To Know You is To...

A few months ago at a "parent-teacher meeting," when I was speaking to a student's mother, she admitted that she knows who I am. She reads my blogs. At first I was flattered, then


I had better be more careful. Do I really want to let down on my "image?" I teach high school boys, who don't read English, unless they're forced to. The chances of their looking at my blogs are rather slim. But I have to be careful about my bosses and the students' parents or anyone who can put two and two together.
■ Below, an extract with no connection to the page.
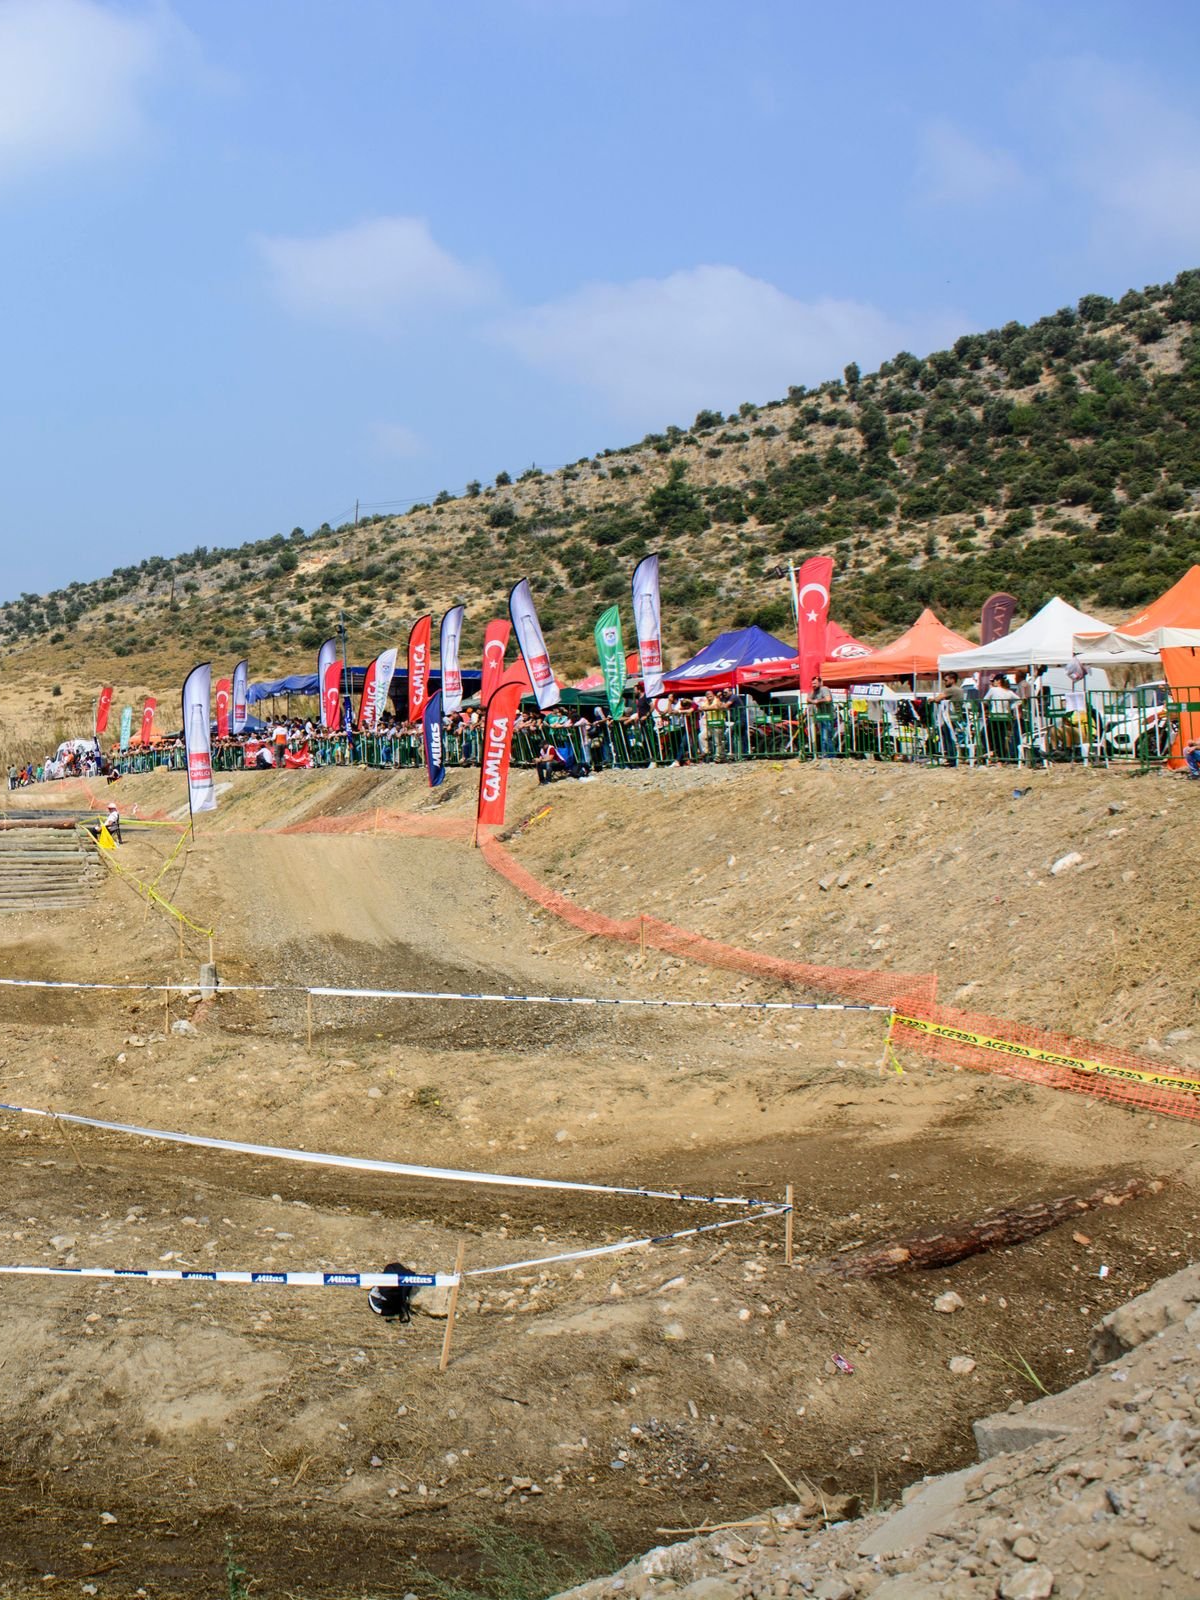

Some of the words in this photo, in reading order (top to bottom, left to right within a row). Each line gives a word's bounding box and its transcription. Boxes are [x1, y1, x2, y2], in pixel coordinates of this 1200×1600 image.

[431, 722, 441, 768] Mitas
[255, 1274, 284, 1282] Mitas
[326, 1275, 357, 1284] Mitas
[401, 1276, 433, 1284] Mitas
It isn't quite the same situation as described in a
New York Times article, which concentrates on how some professors are using facebook to appear more human to their students.
Maybe I'm of a different generation. Some of our authority is derived from "mystery." Being a teacher is sort of being inhuman. Students shouldn't think of us as throwing out the garbage, having imperfect children, etc.
I don't know what the law is now, but when I was a kid in New York City, teachers couldn't teach in the district they lived.
But about the article, I can't get something out of my mind. It brings back what I heard about a college a few decades ago. A number of young female undergraduates began dating some of their teachers. In those days, "living together" was less accepted, and there may have been rules against staff-student relationships. A number of these couples married, but the marriages didn't last. The girls got divorces along with their diplomas.
I don't see why university students must see more than a "family picture on the professor's desk." Professor-student socializing shouldn't be the norm. I have a feeling that is the aim of some...
Cll me old-fashioned, but I think it's inappropriate.


Leora said...

I like your old-fashioned take. We don't want teachers to be seen as non-humans, but it's nice to have respect. A bit of distance might be necessary in the student-teacher relationship.

And, yes, it's hard to maintain that balance between the need to open up and be human in a blog and being professional elsewhere.

Batya said...

According to Jewish Law, one is forbidden to sit in one's father's chair and there are similar things re one's teachers.